As global health systems begin to address the long-term effects of the COVID-19 pandemic, particularly regarding backlogs and waiting times, experts have warned that simply returning to pre-pandemic levels of healthcare will not be enough.
“A major concern since the onset of the pandemic has been the pandemic’s impact on countries’ capacity to maintain essential health care,” said Hans Kluge, director of the World Health Organisation’s (WHO) regional office for Europe, as he commented on a WHO policy brief regarding backlogs and waiting lists released on Wednesday (6 July).
Kluge highlighted how over 90% of the WHO European region countries reported disruptions to essential health services in 2020, leading to growing backlogs and waiting lists.
“For each person who cannot receive care when they need it, this delay may have severe consequences, ranging from worsening health problems and prolonging recovery to decreasing quality of life,” he added.
In many contexts, including in the EU, debates focus on bringing things back to pre-pandemic status. Given the extent of the challenges, that will not be sufficient, warned Ewout van Ginneken, co-author of the policy brief from the European Observatory on Health Systems and Policies, Nuffield Trust and WHO Europe.
“Bringing care back to previous levels before the epidemic will not be enough to overcome the backlogs. We have pre-pandemic waiting times that are quite severe in several countries. And that number only started to increase during the pandemic,” he said during the discussion of the policy brief.
The countries trying to address the backlogs are broadly using three strategies, according to the brief. These are increasing the supply of workforce and staffing; improving productivity, capacity management and demand management; and investing in capital, infrastructure and new community-based models of care.
While this may be part of the solution, there is a broad consensus amongst experts and stakeholders that more is needed. Especially since many aspects of the full impacts of the COVID-19 crisis on healthcare systems remain unknown.

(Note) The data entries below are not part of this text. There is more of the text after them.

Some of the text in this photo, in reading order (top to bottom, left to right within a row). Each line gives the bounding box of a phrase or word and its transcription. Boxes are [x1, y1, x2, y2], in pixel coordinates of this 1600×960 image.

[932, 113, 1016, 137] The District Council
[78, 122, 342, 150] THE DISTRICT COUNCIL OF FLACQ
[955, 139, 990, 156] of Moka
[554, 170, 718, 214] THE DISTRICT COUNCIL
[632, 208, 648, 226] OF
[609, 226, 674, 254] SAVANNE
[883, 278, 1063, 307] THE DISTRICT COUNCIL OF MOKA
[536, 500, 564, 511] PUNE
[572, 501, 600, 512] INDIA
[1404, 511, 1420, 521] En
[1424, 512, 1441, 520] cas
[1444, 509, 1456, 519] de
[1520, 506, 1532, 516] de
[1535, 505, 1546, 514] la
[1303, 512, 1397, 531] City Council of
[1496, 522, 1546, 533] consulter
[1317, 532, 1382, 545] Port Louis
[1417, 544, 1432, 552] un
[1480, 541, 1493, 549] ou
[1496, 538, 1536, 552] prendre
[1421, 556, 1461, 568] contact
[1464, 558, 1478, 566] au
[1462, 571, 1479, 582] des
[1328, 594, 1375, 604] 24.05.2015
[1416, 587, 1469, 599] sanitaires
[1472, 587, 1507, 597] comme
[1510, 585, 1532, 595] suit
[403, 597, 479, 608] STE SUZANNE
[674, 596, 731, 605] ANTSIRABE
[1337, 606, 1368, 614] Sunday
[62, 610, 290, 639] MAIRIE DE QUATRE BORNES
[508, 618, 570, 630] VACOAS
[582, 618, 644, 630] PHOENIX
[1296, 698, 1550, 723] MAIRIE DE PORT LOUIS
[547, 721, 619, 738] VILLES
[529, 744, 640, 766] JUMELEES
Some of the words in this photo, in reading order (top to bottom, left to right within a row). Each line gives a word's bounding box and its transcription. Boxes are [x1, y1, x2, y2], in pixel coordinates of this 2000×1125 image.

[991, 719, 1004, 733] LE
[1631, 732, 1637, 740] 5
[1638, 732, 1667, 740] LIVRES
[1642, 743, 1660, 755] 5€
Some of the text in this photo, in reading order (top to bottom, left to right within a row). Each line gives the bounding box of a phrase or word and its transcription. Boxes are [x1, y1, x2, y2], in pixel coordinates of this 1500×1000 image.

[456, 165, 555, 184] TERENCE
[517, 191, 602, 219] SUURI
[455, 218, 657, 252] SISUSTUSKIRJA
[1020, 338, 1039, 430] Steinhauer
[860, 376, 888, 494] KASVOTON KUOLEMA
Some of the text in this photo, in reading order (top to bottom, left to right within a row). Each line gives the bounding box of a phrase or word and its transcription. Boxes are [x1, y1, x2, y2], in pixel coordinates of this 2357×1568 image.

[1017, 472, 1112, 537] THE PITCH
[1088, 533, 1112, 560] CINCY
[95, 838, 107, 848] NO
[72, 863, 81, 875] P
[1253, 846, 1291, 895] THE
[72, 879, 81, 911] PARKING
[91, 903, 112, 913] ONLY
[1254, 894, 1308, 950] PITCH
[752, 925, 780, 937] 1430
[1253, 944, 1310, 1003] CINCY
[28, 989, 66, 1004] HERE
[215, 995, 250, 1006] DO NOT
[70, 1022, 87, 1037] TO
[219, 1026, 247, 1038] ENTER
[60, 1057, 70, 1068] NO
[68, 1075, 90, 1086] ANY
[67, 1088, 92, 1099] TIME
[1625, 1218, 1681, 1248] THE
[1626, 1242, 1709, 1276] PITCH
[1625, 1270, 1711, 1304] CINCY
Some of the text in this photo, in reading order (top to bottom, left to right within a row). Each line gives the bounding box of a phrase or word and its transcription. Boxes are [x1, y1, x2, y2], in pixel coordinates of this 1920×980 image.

Knowledge of the exact size of the backlogs is also unknown. On top of that, the amount of “missing patients” – the ones who were expected to need diagnostics and treatments but did not get them – is uncertain.
At the same time, the health workforce is chronically overstretched and unprotected from severe burnout. As EURACTIV previously reported, health professionals fear that the demand over the summer will overwhelm capacity.
Need for reliable data on backlogs to invest
In most EU countries, health spending has declined since 2019, according to the Organisation for Economic Co-operation and Development (OECD).
Yet, investments into health systems are needed to make them more resilient and clear the ever-increasing backlogs. For that we need reliable data, said Natasha Azzopardi-Muscat, director of the WHO’s division of country health policies and systems.
“What is not measured is not visible, it is that simple,” she said during the discussion. “We need to know where the problem lies – in which areas, which sectors, which specialities, how large the problem is […] and so on.”
During the pandemic there has been more focus on the improvement of disease surveillance data, with increased political support to extend the mandates of agencies such as the European Centre for Disease Prevention and Control (ECDC), to enable them to better monitor the spread of COVID-19 and other diseases.
“There are still countries without knowledge about [backlogs and waiting times]. It’s not only the availability of data, it’s also the quality of data,” said Pascal Garel, CEO of the European Hospital Federation (HOPE), recalling problematic discussions at the beginning of the pandemic about ICU bed numbers, disturbed by data based on different indicators.
Availability and quality of data also affect workforce planning with “no workforce planning in most countries because there’s no information [on how to do it],” according to Garel.
European hospitals generally face a lack of health professionals, which existed well before the COVID-19 pandemic, Isabelle Marchais, a researcher associated with the Jacques Delors Institute in health policy, told EURACTIV in an interview in June.
Healthcare workers are often pressed by low pay, working overtime and a lack of labour recognition, all worsened by the pandemic and the cause of the widespread recruitment and retention issues.
“Every country across the [WHO Europe region] has placed workforce shortages as the most difficult policy issue they’re struggling with at the moment,” Azzopardi-Muscat said, who also recommended better accessibility of mental health services for health care workers.